_WHAT TO WORK ON_. What is needed is an exact copy of the records below, without the pictures.
# # # # #
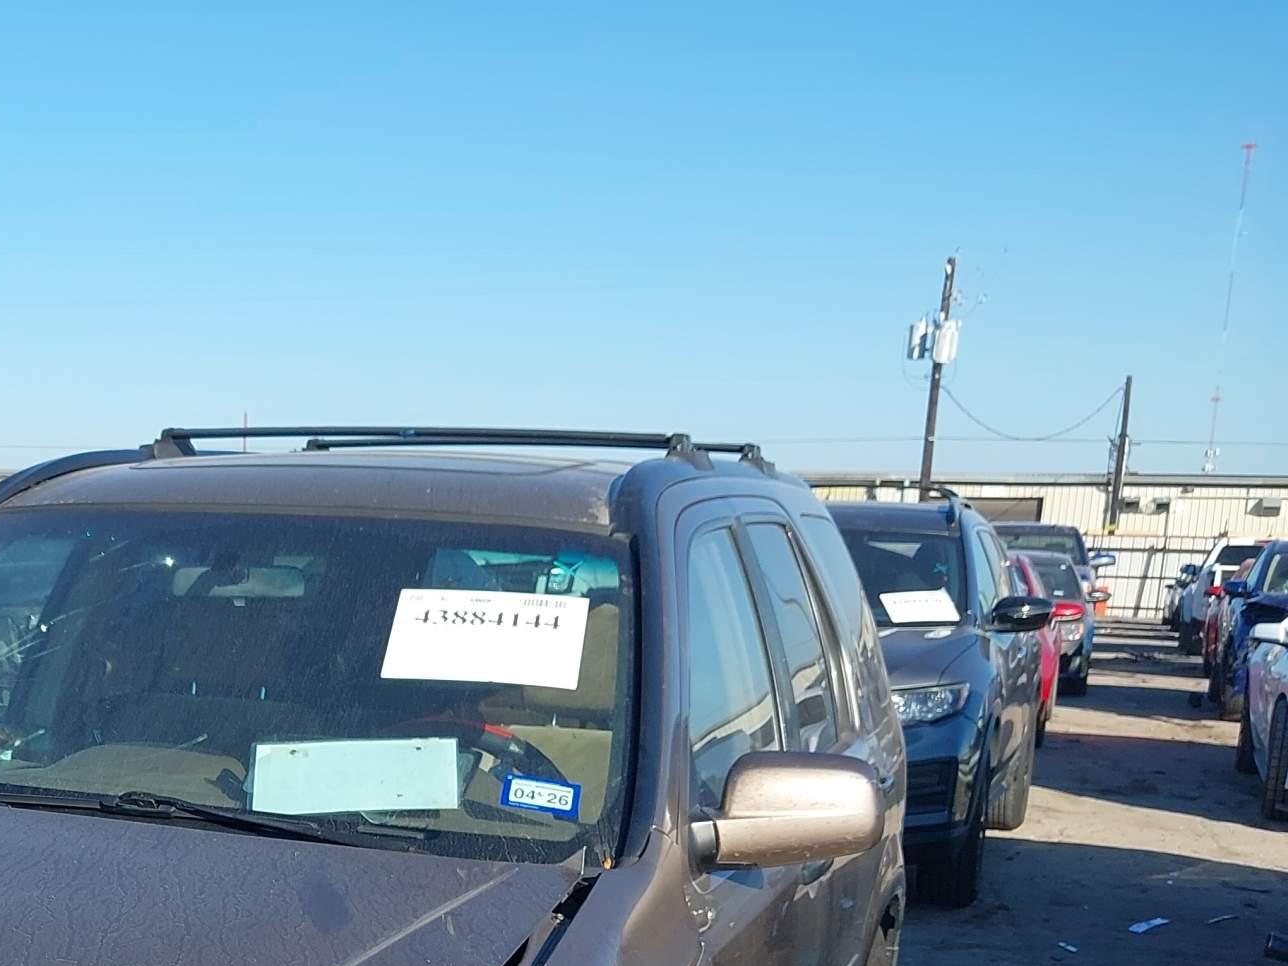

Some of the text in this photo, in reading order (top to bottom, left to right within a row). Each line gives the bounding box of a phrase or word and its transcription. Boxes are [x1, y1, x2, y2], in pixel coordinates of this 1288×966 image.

[415, 609, 561, 630] 43884144
[513, 787, 536, 801] 04
[546, 792, 569, 806] 26
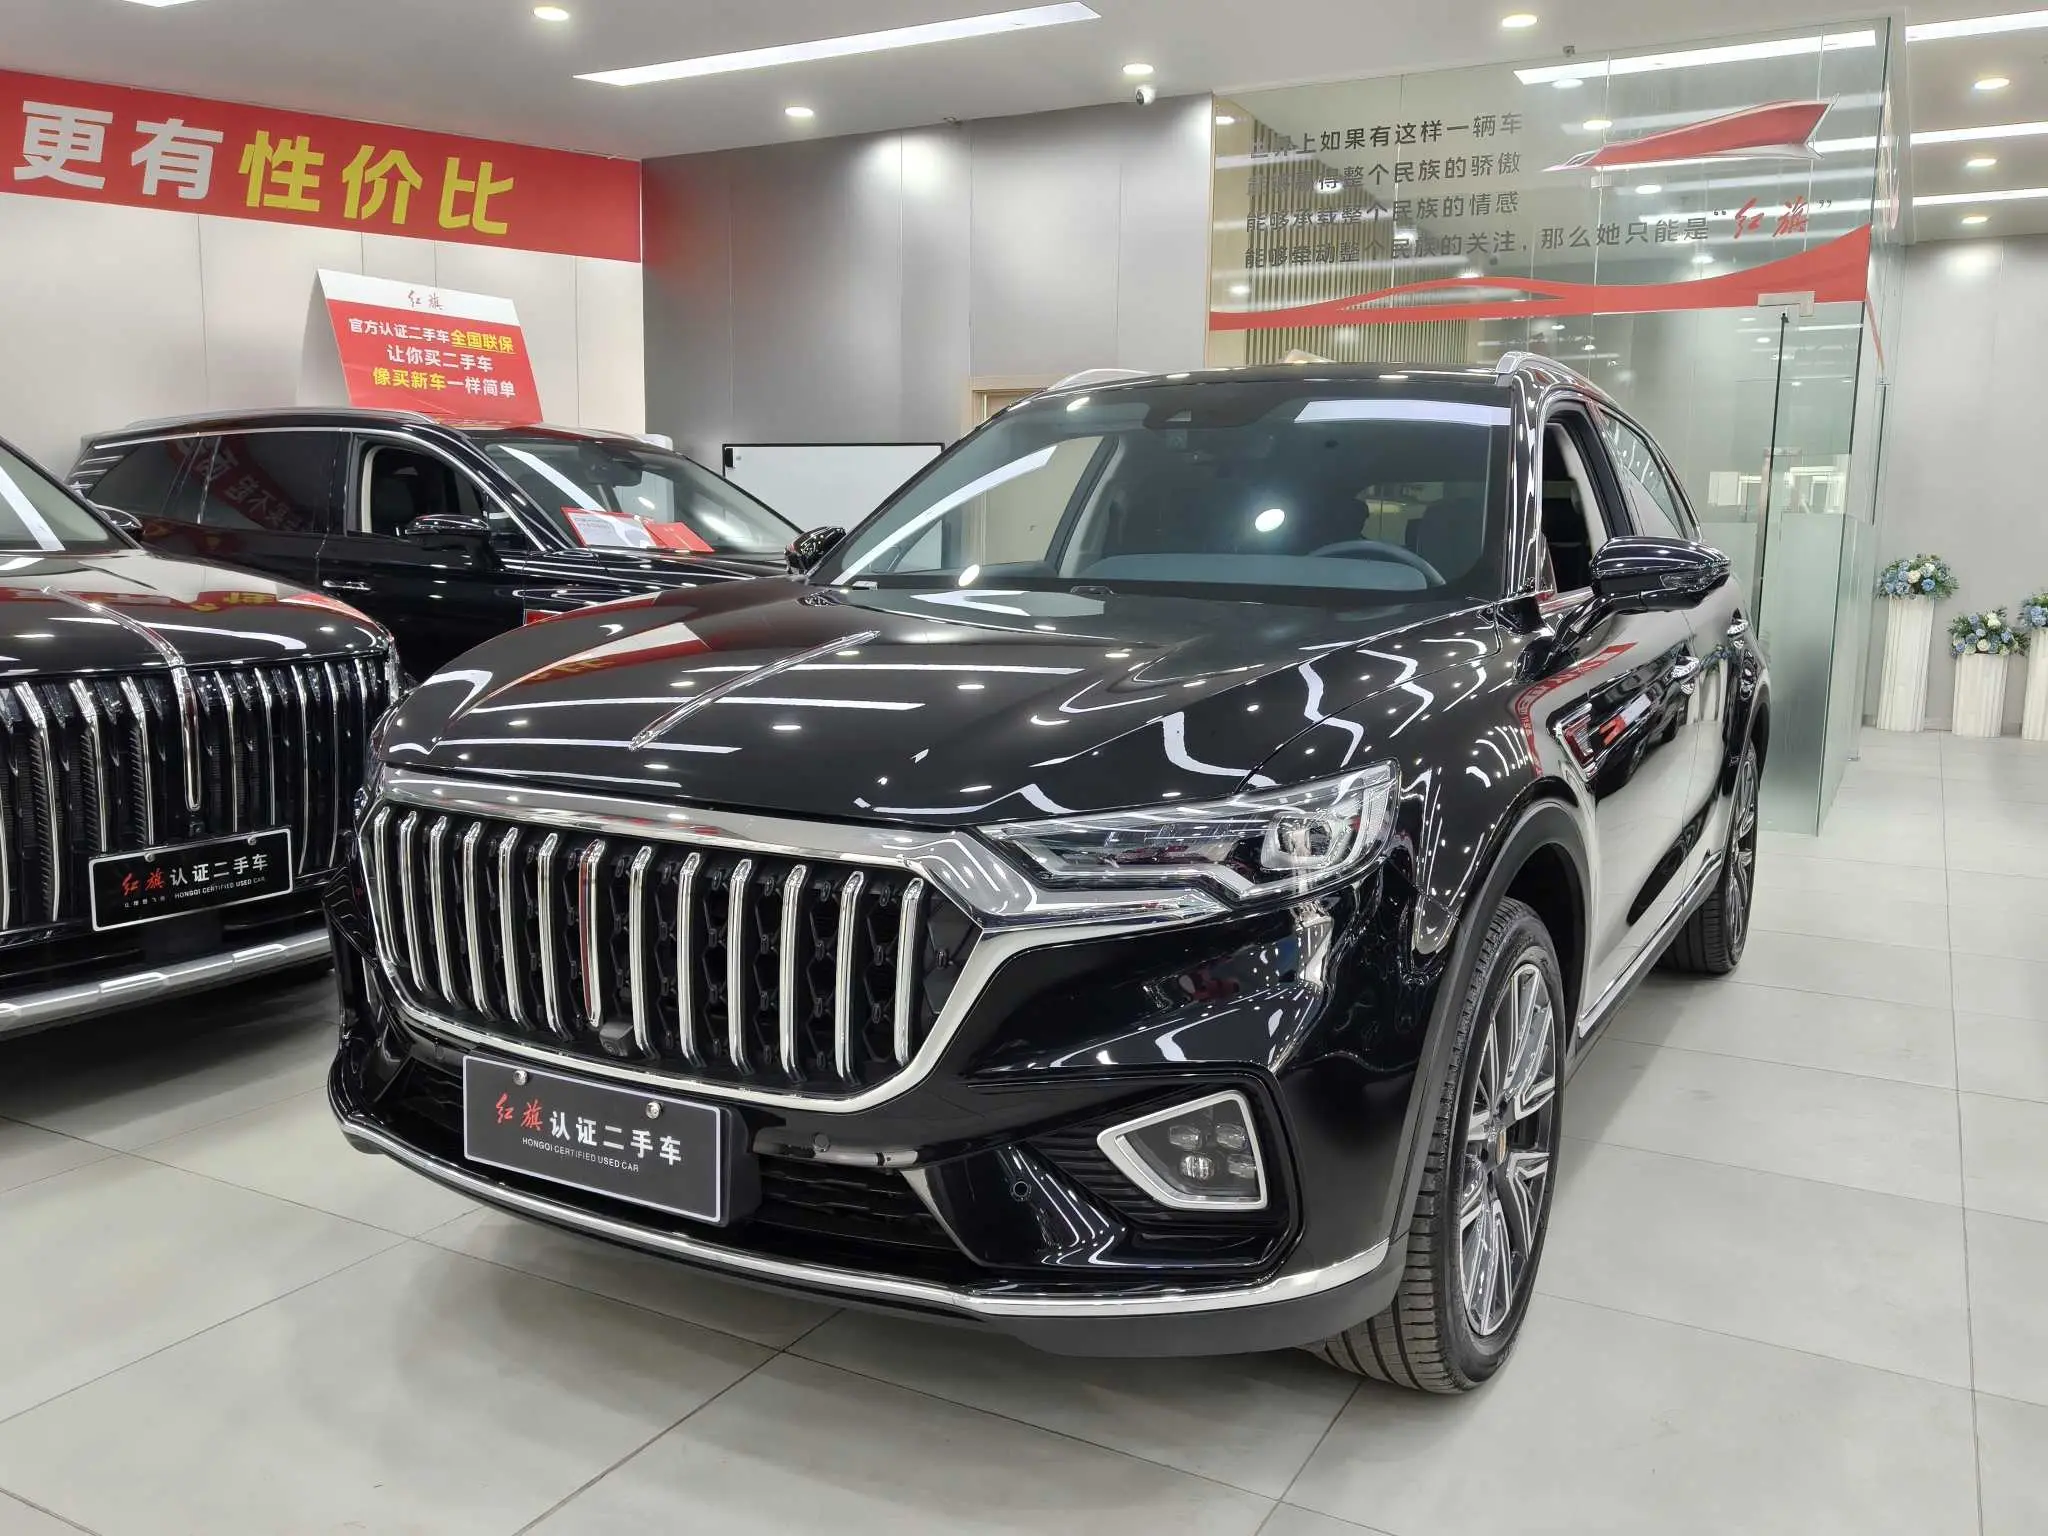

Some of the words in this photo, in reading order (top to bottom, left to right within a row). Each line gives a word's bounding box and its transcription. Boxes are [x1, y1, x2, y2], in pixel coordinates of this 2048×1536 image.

[13, 100, 514, 235] 更有性价比
[386, 344, 494, 372] 让你买二手车
[372, 367, 516, 398] 像买新车一样简单
[554, 1145, 597, 1163] CERTIFIED
[597, 1156, 620, 1168] USED
[621, 1161, 639, 1173] CAR
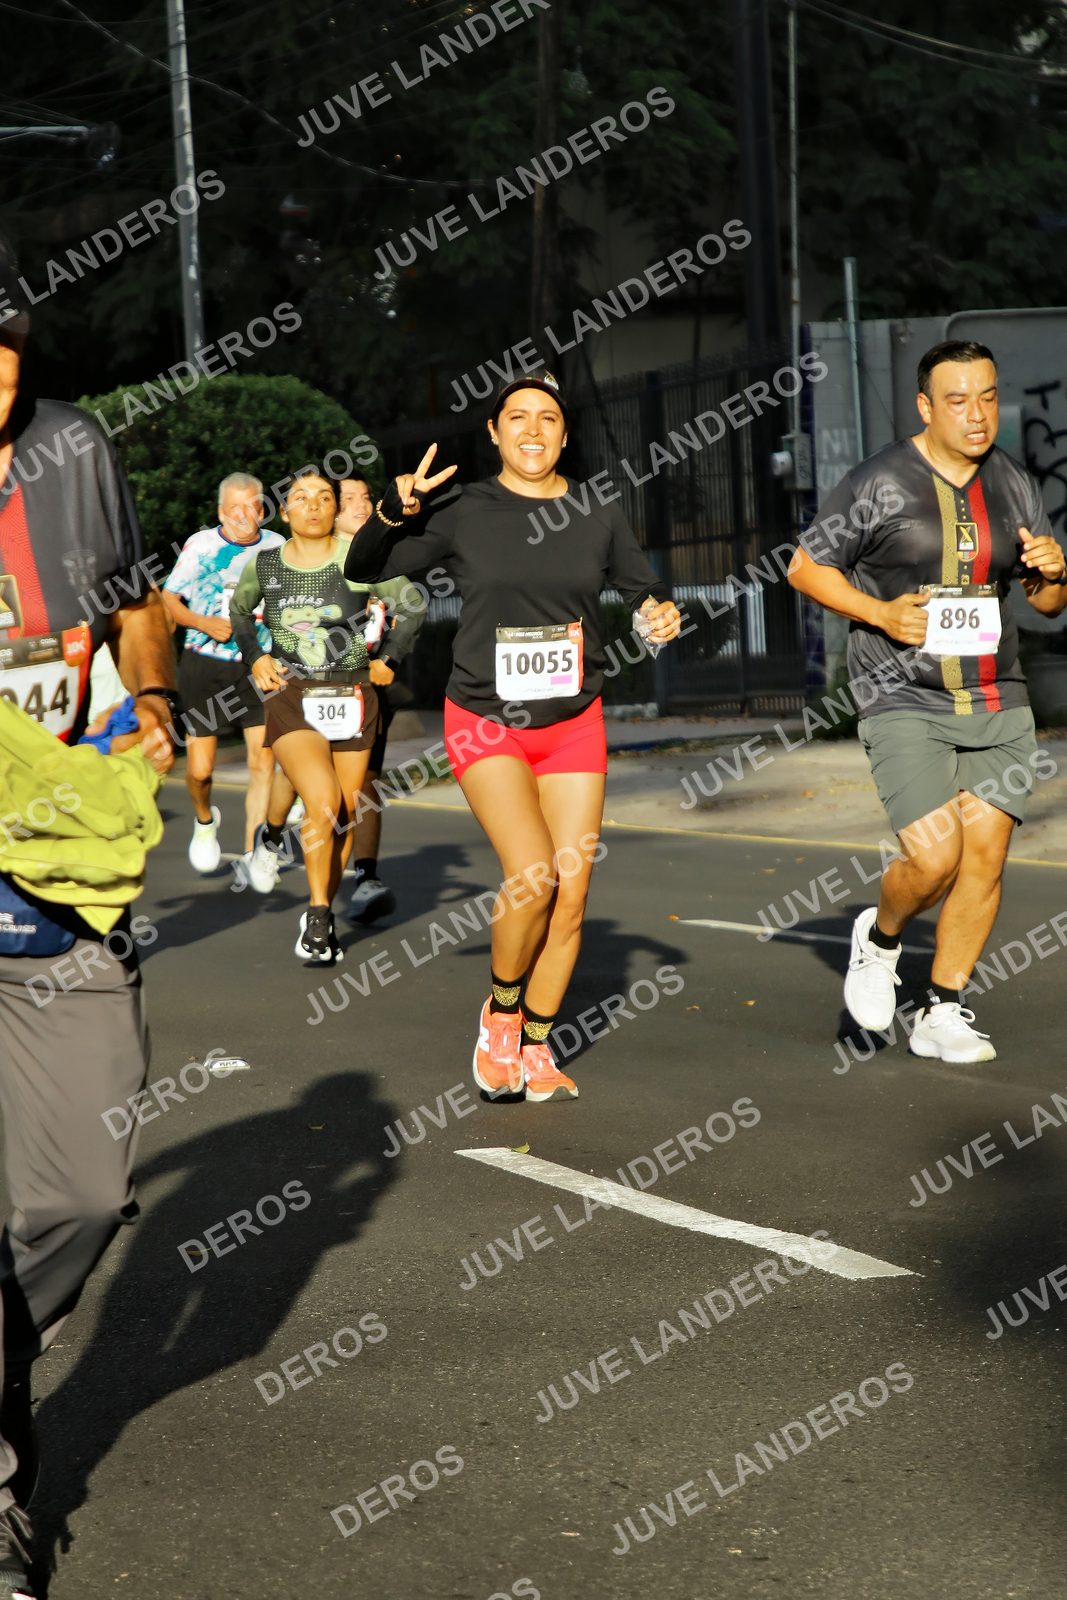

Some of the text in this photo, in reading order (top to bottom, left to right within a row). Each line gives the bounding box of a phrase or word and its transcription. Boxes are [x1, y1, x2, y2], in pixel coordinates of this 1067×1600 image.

[940, 608, 980, 629] 896
[502, 649, 573, 675] 10055
[317, 703, 347, 721] 304
# # # # #
_ANSWER AREA_.
Some of the text in this photo, in reading order (top to bottom, left to right within a row). Each line gives the bounding box of a phrase or word and its transcription. Boxes are [x1, y1, x2, y2], in pixel coordinates of this 1288×966 image.

[415, 609, 561, 630] 43884144
[513, 787, 536, 801] 04
[546, 792, 569, 806] 26

Some of the words in this photo, in reading order (top to bottom, left to right within a row). Each line gives a word's bounding box and its transcription. Boxes are [x1, y1, x2, y2], in pixel coordinates of this 2048×1536 image.

[13, 100, 514, 235] 更有性价比
[386, 344, 494, 372] 让你买二手车
[372, 367, 516, 398] 像买新车一样简单
[554, 1145, 597, 1163] CERTIFIED
[597, 1156, 620, 1168] USED
[621, 1161, 639, 1173] CAR

Some of the text in this photo, in reading order (top to bottom, left to right within a row). Each line gives the bounding box of a phrase or word and its transcription. Boxes are [x1, y1, x2, y2], in pixel coordinates of this 1067×1600 image.

[940, 608, 980, 629] 896
[502, 649, 573, 675] 10055
[317, 703, 347, 721] 304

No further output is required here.